PROBLEM DESCRIPTION>
Would you return the data exactly as given, except for its pictures?

Extracted records:
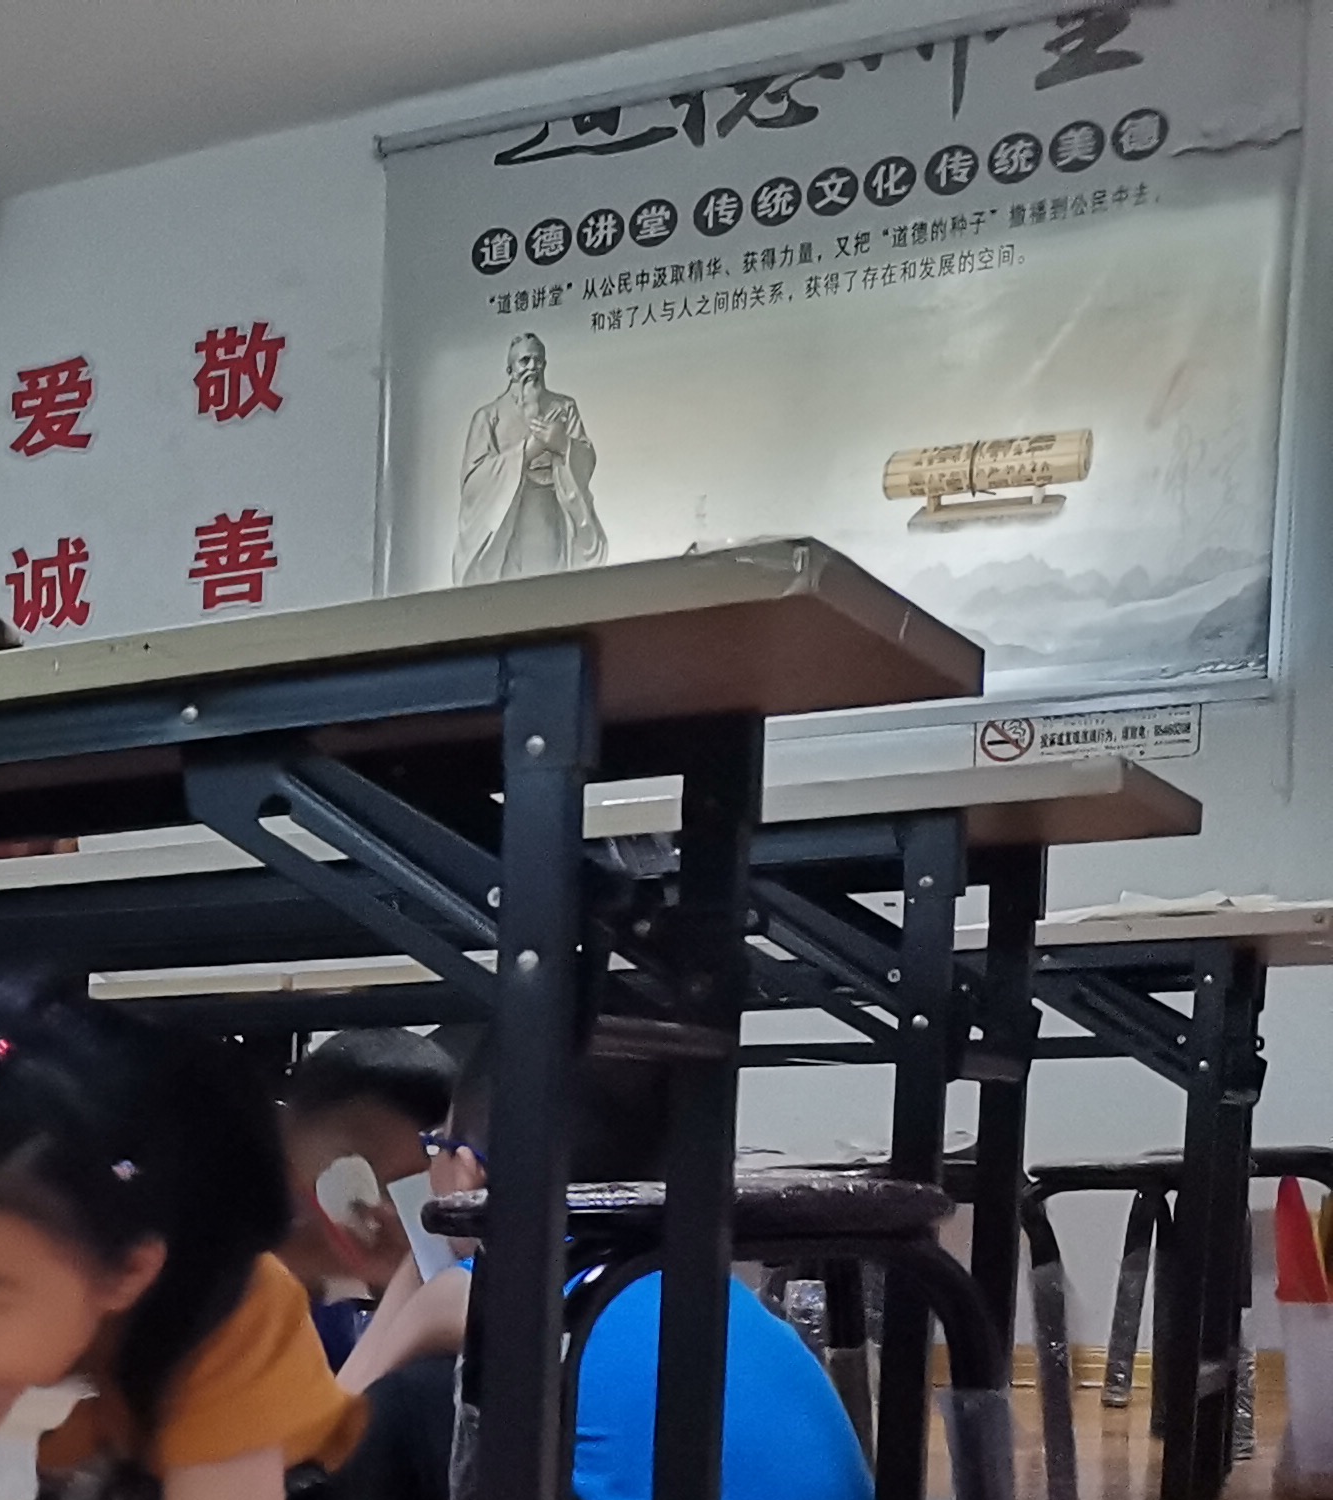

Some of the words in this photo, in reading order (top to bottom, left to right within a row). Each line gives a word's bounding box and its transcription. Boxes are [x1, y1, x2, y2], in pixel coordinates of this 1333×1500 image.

[475, 202, 674, 271] 道德讲堂
[9, 356, 93, 457] 爱
[194, 321, 286, 422] 敬
[5, 537, 91, 633] 诚
[188, 509, 277, 610] 善
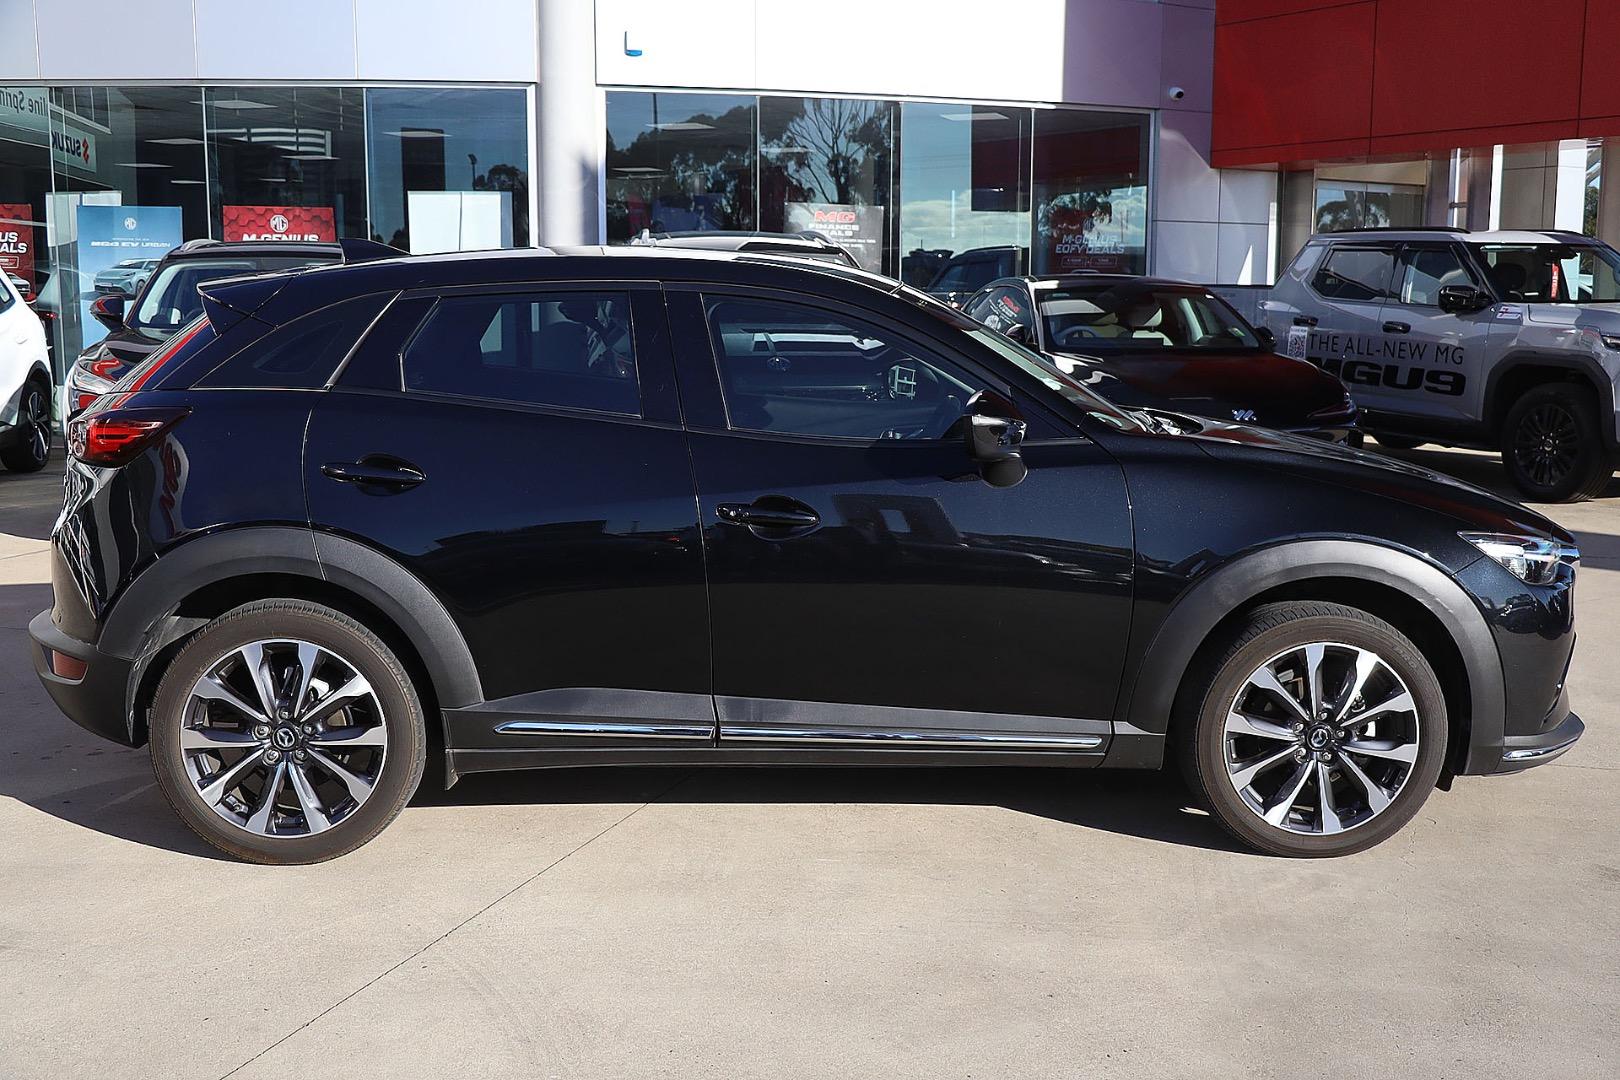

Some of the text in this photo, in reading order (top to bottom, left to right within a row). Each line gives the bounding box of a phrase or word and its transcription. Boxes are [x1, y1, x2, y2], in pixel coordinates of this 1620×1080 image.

WRITTEN ANSWER>
Some of the words in this photo, in reading order (top to bottom, left to right within a row). Each line gives a word's bounding box and its transcription. Boxes are [x1, y1, x2, y2], in pixel coordinates of this 1333×1500 image.

[475, 202, 674, 271] 道德讲堂
[9, 356, 93, 457] 爱
[194, 321, 286, 422] 敬
[5, 537, 91, 633] 诚
[188, 509, 277, 610] 善

Some of the text in this photo, in reading order (top to bottom, left to right within a row). Each line gives the bounding box of a phrase or word and its transcription. Boxes are [x1, y1, x2, y2], in pixel coordinates of this 1620×1080 image.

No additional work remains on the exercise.